About this task →
Please output the following records exactly. Leave every image out.

═══

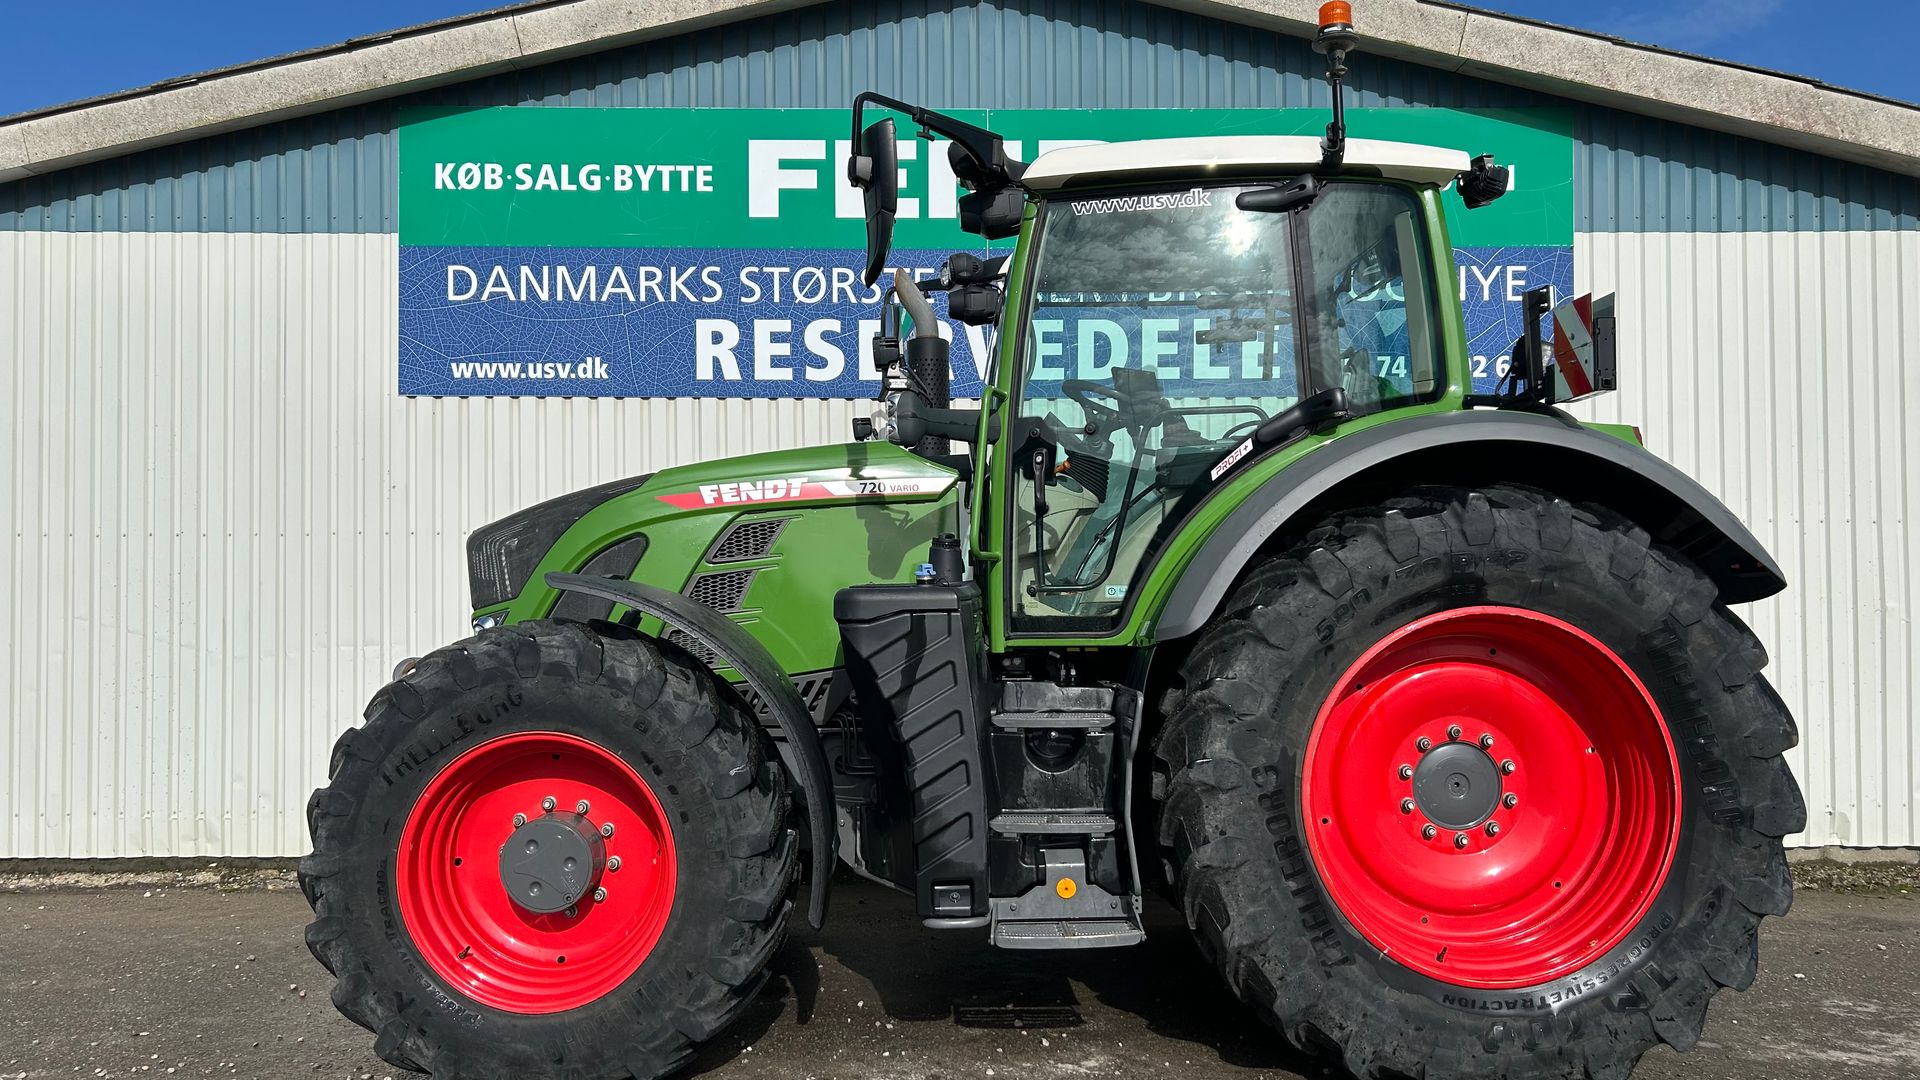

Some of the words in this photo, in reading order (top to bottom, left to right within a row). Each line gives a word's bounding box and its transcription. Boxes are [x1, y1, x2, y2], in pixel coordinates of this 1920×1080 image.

[1072, 189, 1212, 216] www.usv.dk
[447, 265, 724, 303] DANMARKS
[450, 357, 609, 380] www.usv.dk
[1376, 355, 1408, 378] 74
[1469, 355, 1488, 378] 2
[698, 477, 809, 505] FENDT
[859, 481, 886, 494] 720
[889, 484, 920, 493] VARIO

═══

Written solution →
Some of the words in this photo, in reading order (top to bottom, left to right within a row). Each line gives a word's bounding box and its transcription. Boxes are [x1, y1, x2, y2], in pixel coordinates of this 1920×1080 image.

[1072, 189, 1212, 216] www.usv.dk
[447, 265, 724, 303] DANMARKS
[450, 357, 609, 380] www.usv.dk
[1376, 355, 1408, 378] 74
[1469, 355, 1488, 378] 2
[698, 477, 809, 505] FENDT
[859, 481, 886, 494] 720
[889, 484, 920, 493] VARIO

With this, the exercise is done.